Immediately following Linus Torvalds' slamming of Nvidia, the GPU maker refused to comment. Now the company has released a brief statement in a bid to clarify several points raised by the outspoken father of Linux following his very graphical outburst.

It all started at the beginning of the week after a video recording of a seminar question and answer session at Aalto Center for Entrepreneurship in Finland showed Torvalds stating, among many other things, that Nvidia was the "single worst company we've ever dealt with." He gave them the middle finger and swore at them whilst facing the camera.

In a PR response to Phoronix, the company said "supporting Linux is important to Nvidia, and we understand that there are people who are as passionate about Linux as an open source platform as we are passionate about delivering an awesome GPU experience."

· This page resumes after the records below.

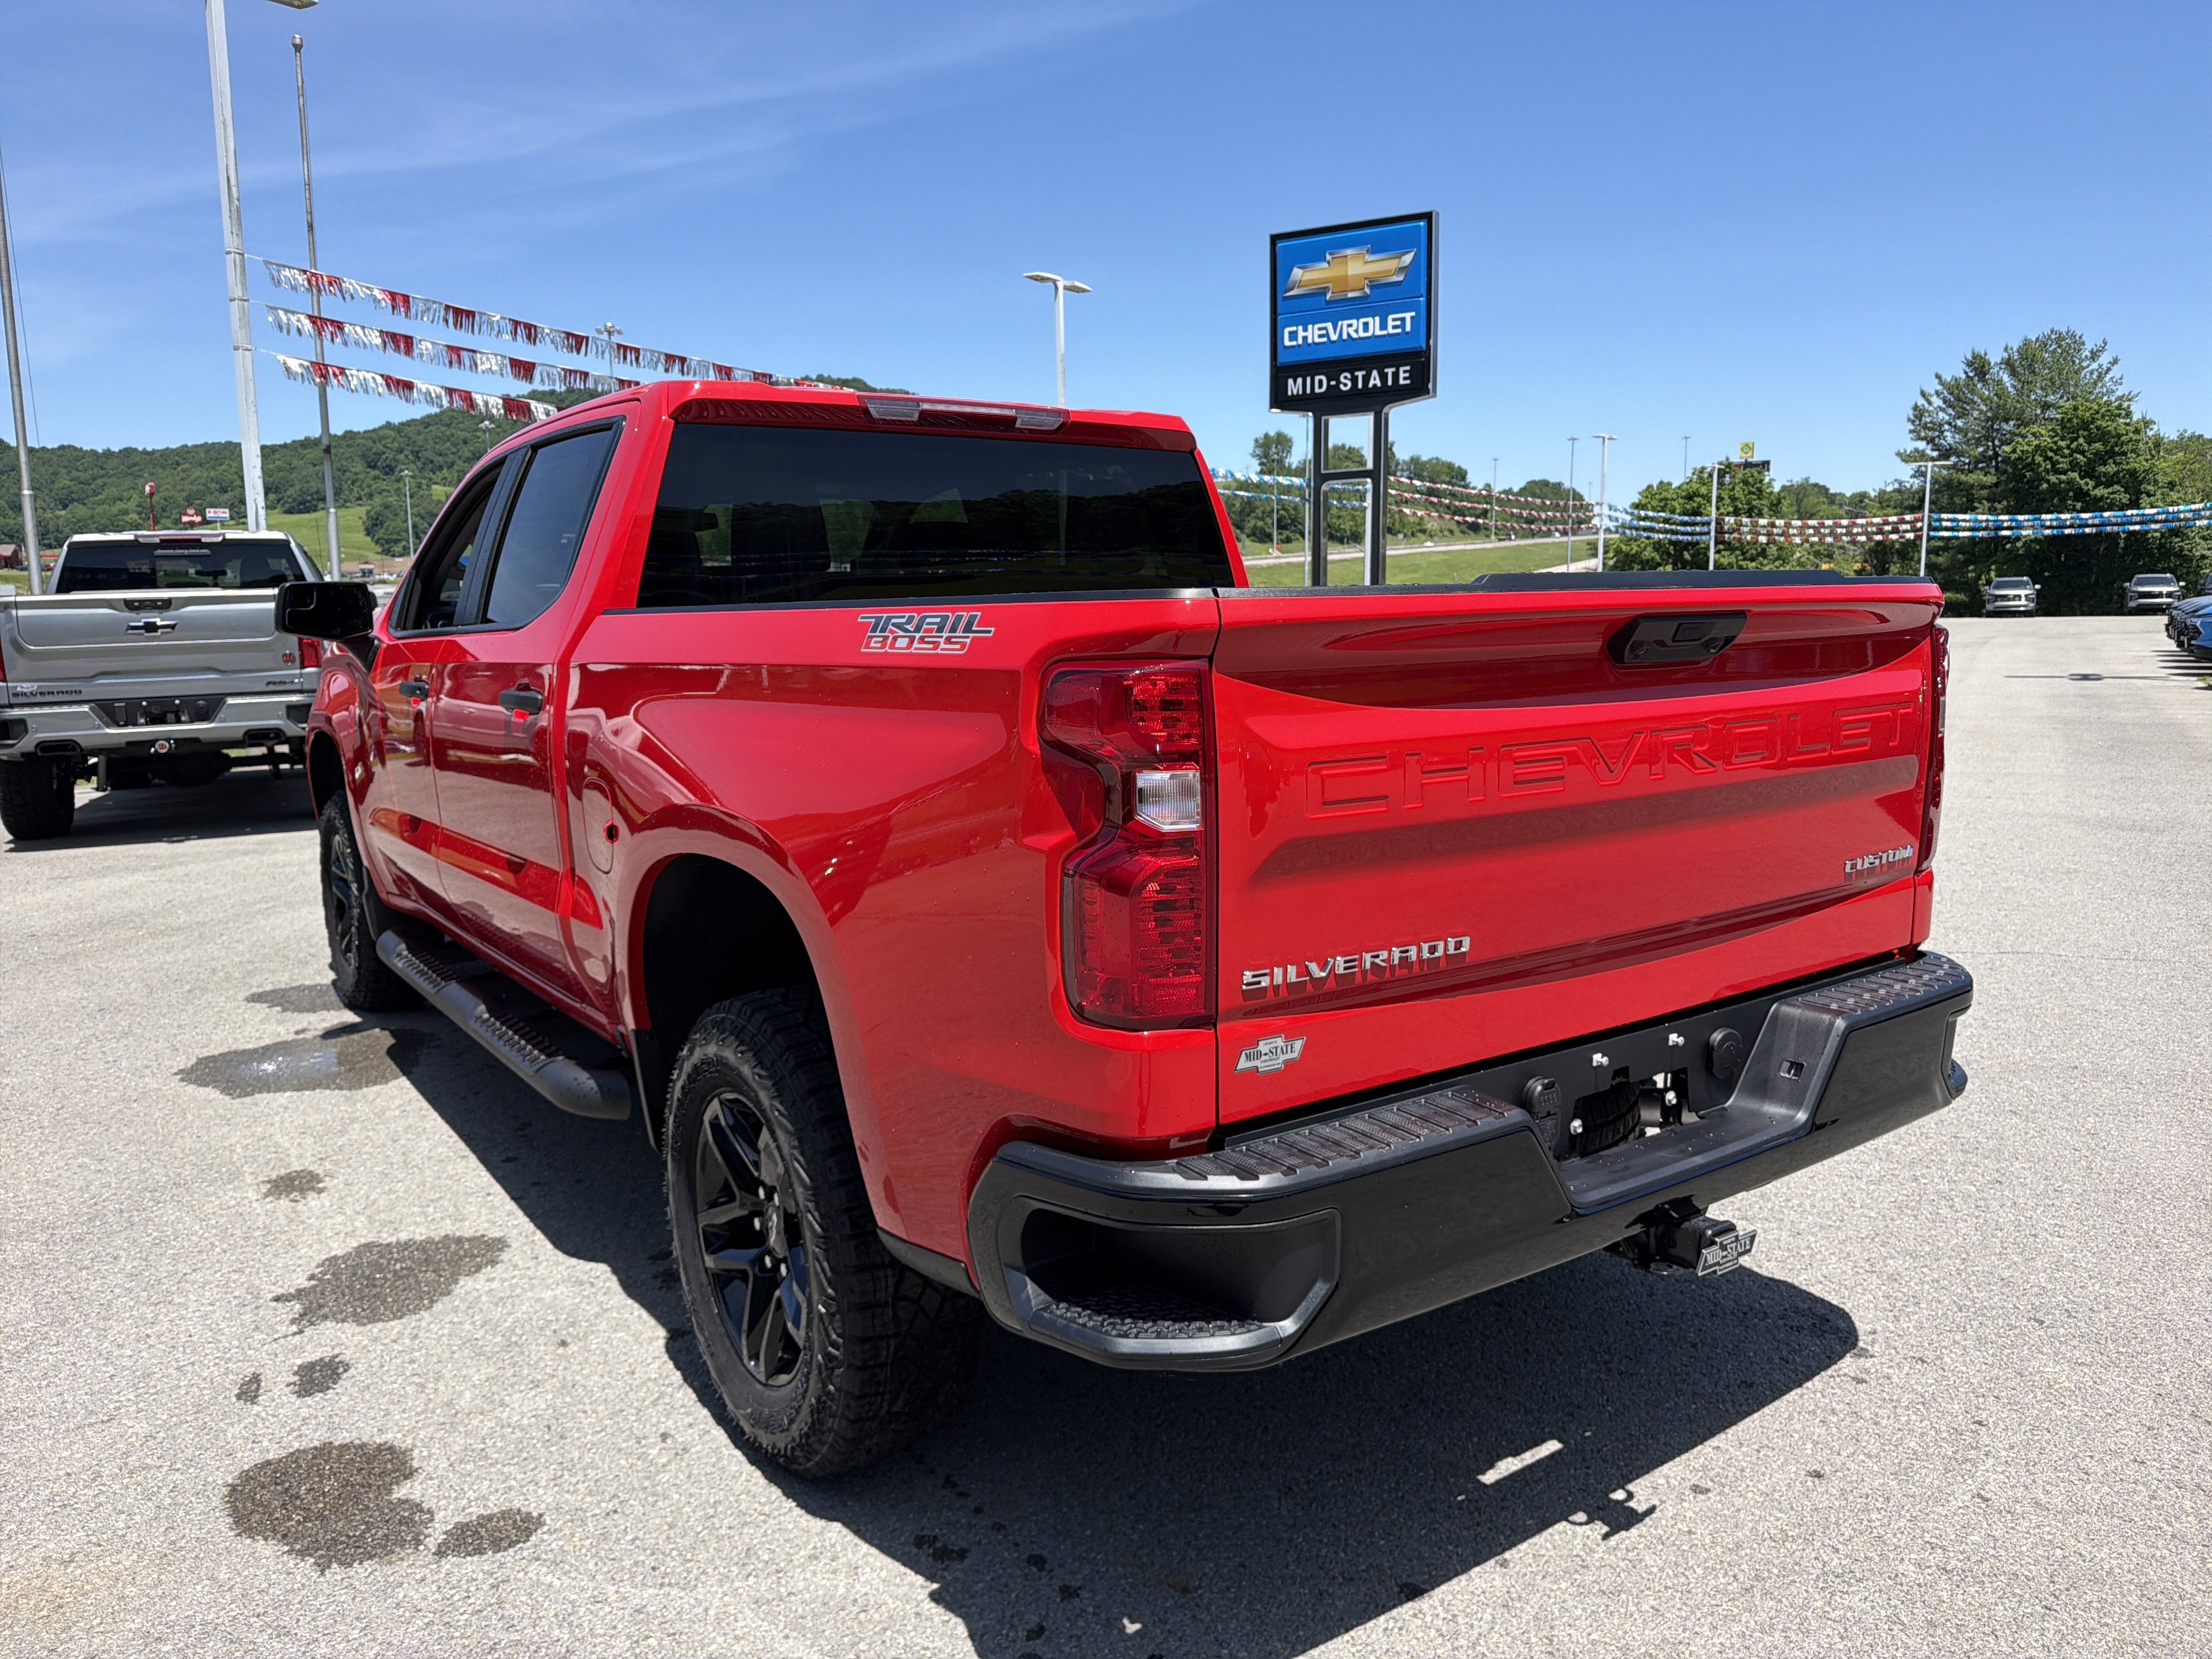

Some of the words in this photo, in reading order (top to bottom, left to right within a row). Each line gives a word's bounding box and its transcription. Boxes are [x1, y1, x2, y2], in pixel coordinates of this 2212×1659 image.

[1284, 312, 1416, 347] CHEVROLET
[1287, 366, 1412, 396] MID-STATE
[857, 611, 995, 637] TRAIL
[860, 635, 972, 654] BOSS
[11, 689, 82, 697] SILVERADO
[1306, 703, 1913, 819] CHEVROLET
[1845, 845, 1914, 873] CUSTOM
[1242, 935, 1470, 990] SILVERADO
[1244, 1042, 1296, 1063] MID-STATE
[1705, 1237, 1751, 1267] MID-STATE

They accepted that recently questions had been raised about the lack of support for the Optimus notebook GPU solutions, which itself was the main cause of Torvalds' outburst in the first place. The GPU maker also defended its decision to use only proprietary drivers for Linux.

"While we understand that some people would prefer us to provide detailed documentation on all of our GPU internals, or be more active in Linux kernel community development discussions, we have made a decision to support Linux on our GPUs by leveraging NVIDIA common code, rather than the Linux common infrastructure. While this may not please everyone, it does allow us to provide the most consistent GPU experience to our customers, regardless of platform or operating system."

Nvidia believes that doing so benefits end-users more, and offers them same day support for new GPUs whilst providing a more consistent driver eco-system between different operating systems.

The company also pointed out that it was a major participant in the development of the Linux-based ARM Kernel, saying they ranked second terms of the number of lines changed during its development of the next generation 3.4 ARM Kernel set for use on future Linux, Android and Chrome distributions, and fourth for the number of "changesets" for all organizations.